** Data excerpts follows **

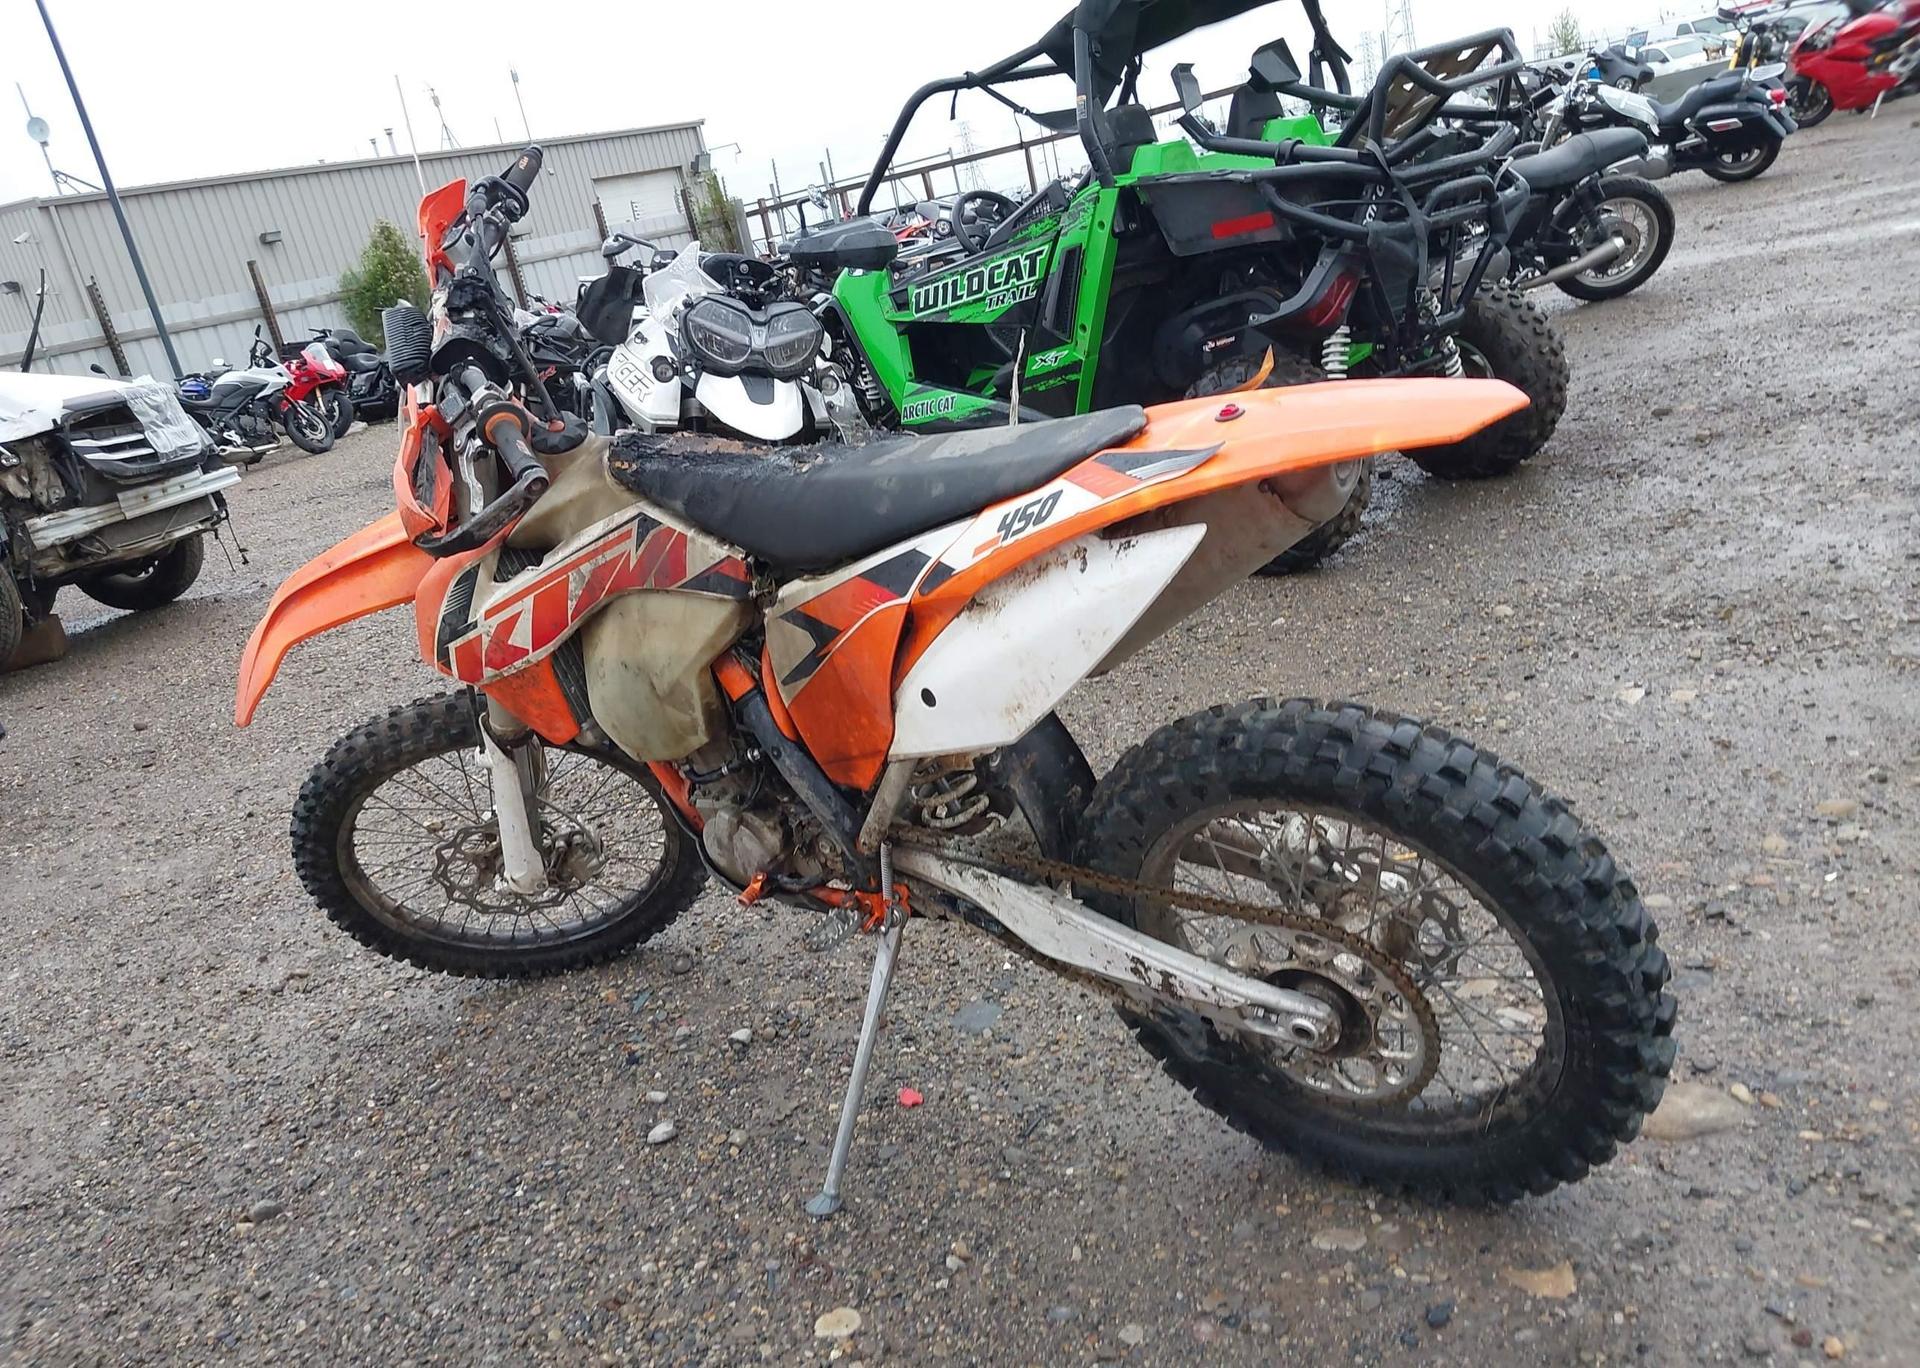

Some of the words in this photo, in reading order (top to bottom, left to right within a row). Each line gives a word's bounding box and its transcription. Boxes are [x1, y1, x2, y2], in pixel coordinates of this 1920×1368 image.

[912, 245, 1049, 317] WILDCAT
[985, 284, 1038, 312] TRAIL
[1031, 350, 1069, 370] XT
[901, 397, 936, 423] ARCTIC
[936, 393, 957, 416] CAT
[997, 489, 1063, 541] 450
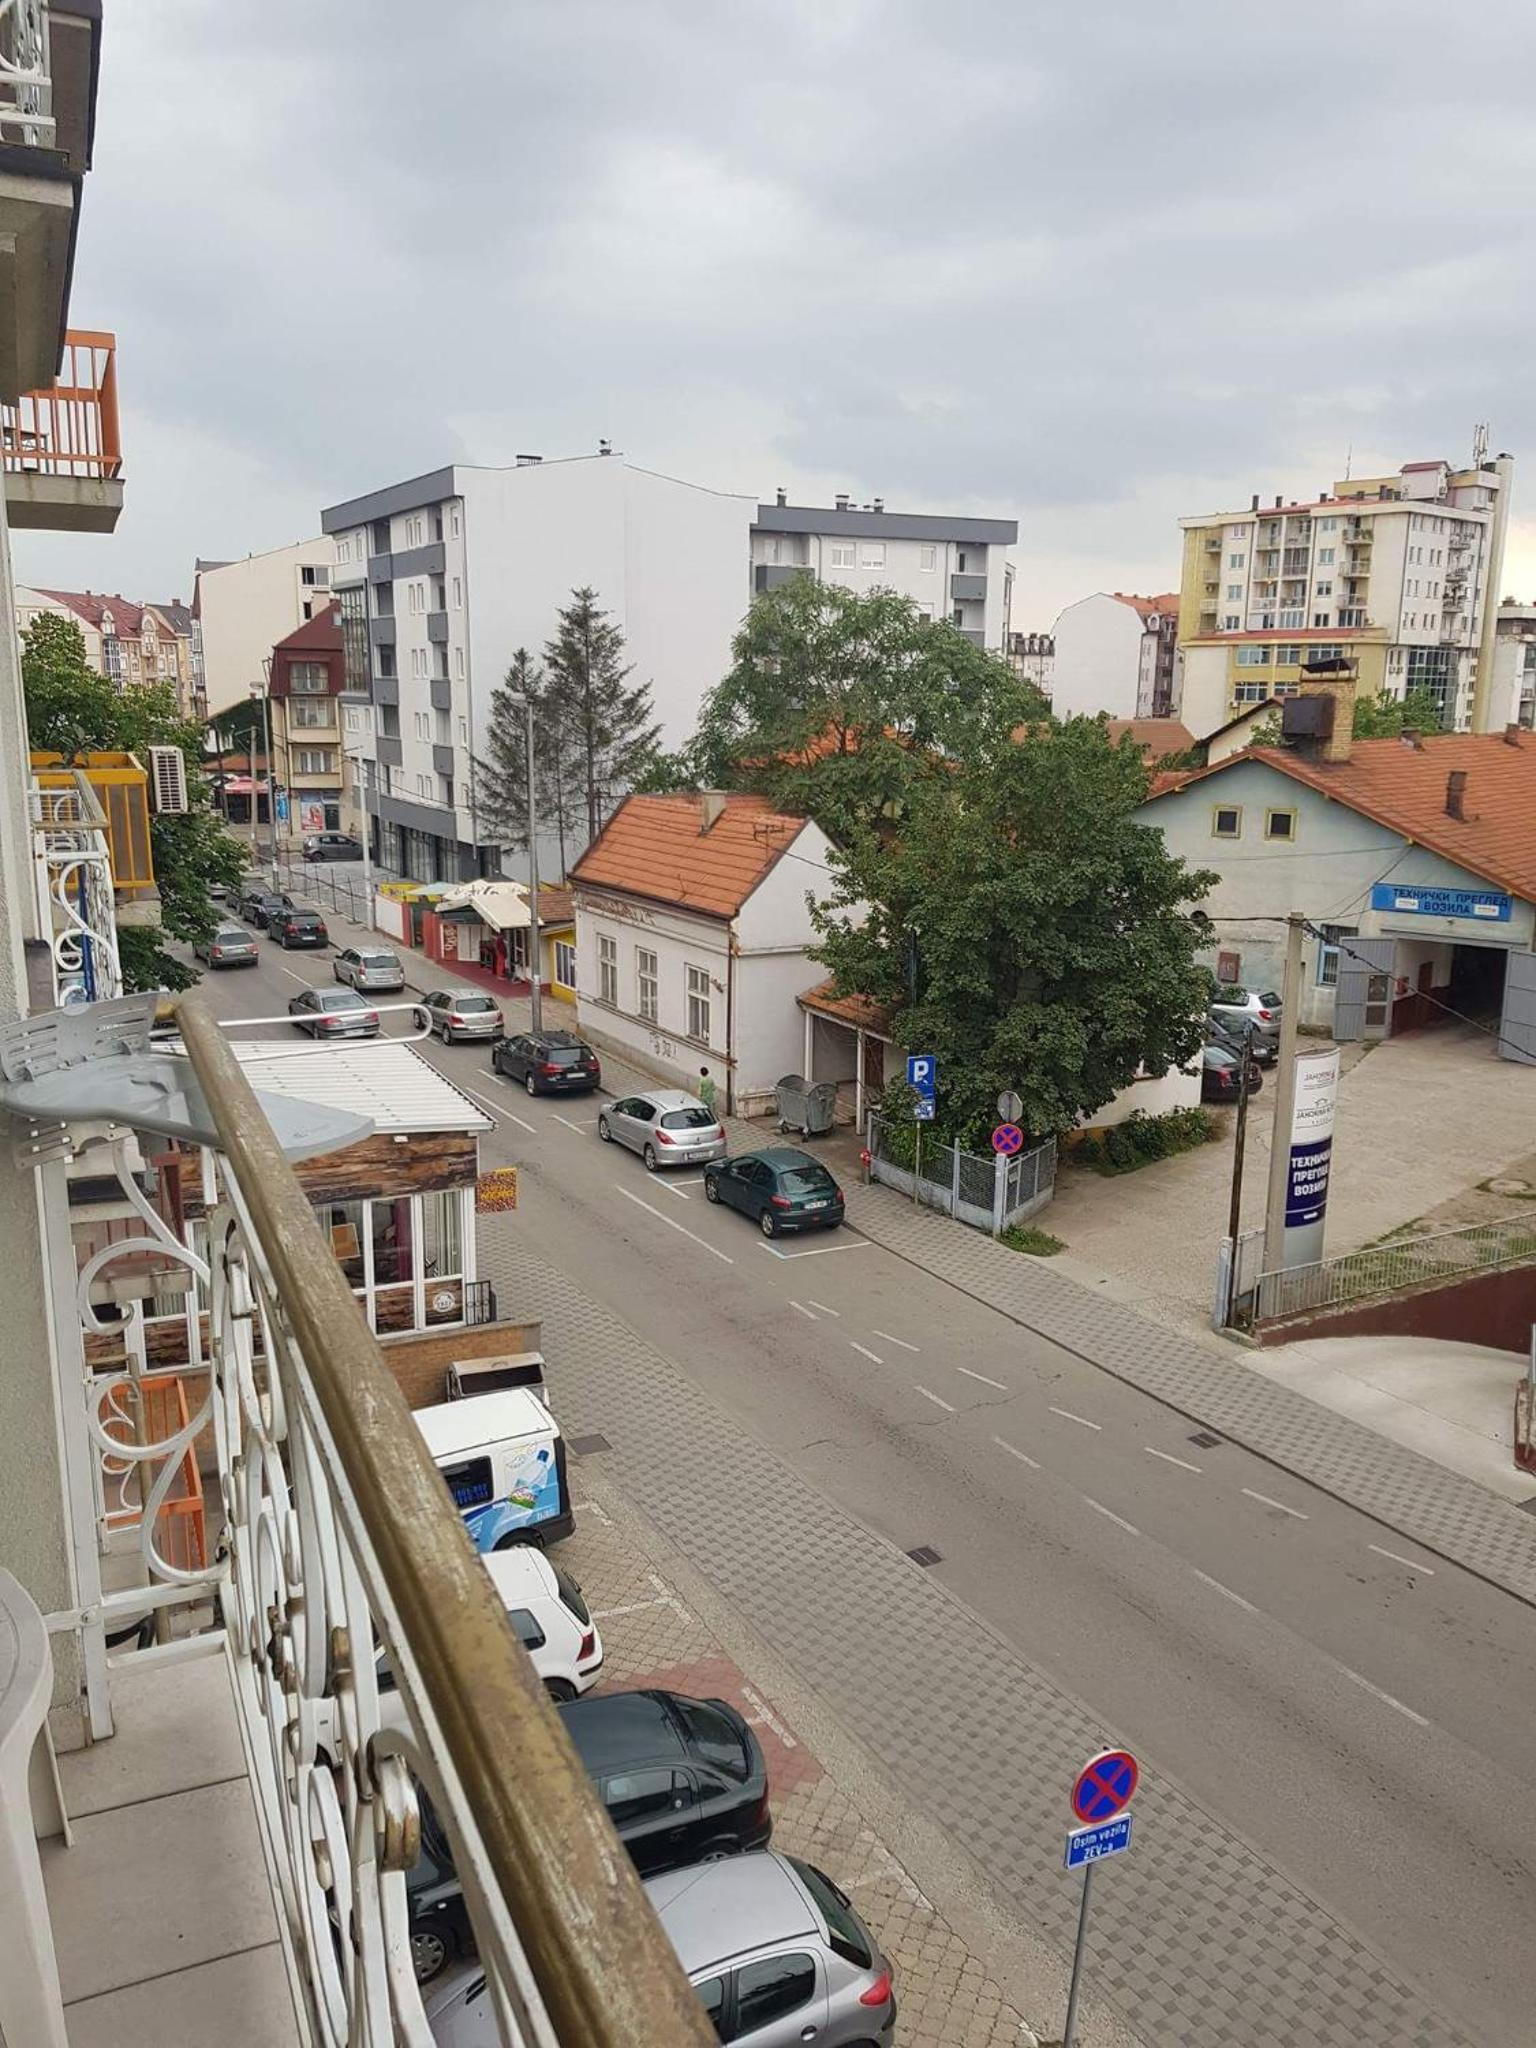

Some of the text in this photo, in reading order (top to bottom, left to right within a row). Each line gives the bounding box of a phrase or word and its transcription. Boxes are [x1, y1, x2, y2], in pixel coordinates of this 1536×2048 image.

[1393, 887, 1508, 907] ТЕХНИЧКИ ПРЕГЛЕД
[1424, 902, 1471, 914] ВОЗИЛА
[914, 1060, 929, 1083] P
[1073, 1834, 1097, 1849] Osim

** End of Data excerpts **

Exercise instructions
Print the line that contains "Some of the text" and each line after it up to the end of the listing, exactly as written.

Answer for the task
Some of the text in this photo, in reading order (top to bottom, left to right within a row). Each line gives the bounding box of a phrase or word and its transcription. Boxes are [x1, y1, x2, y2], in pixel coordinates of this 1536×2048 image.

[1393, 887, 1508, 907] ТЕХНИЧКИ ПРЕГЛЕД
[1424, 902, 1471, 914] ВОЗИЛА
[914, 1060, 929, 1083] P
[1073, 1834, 1097, 1849] Osim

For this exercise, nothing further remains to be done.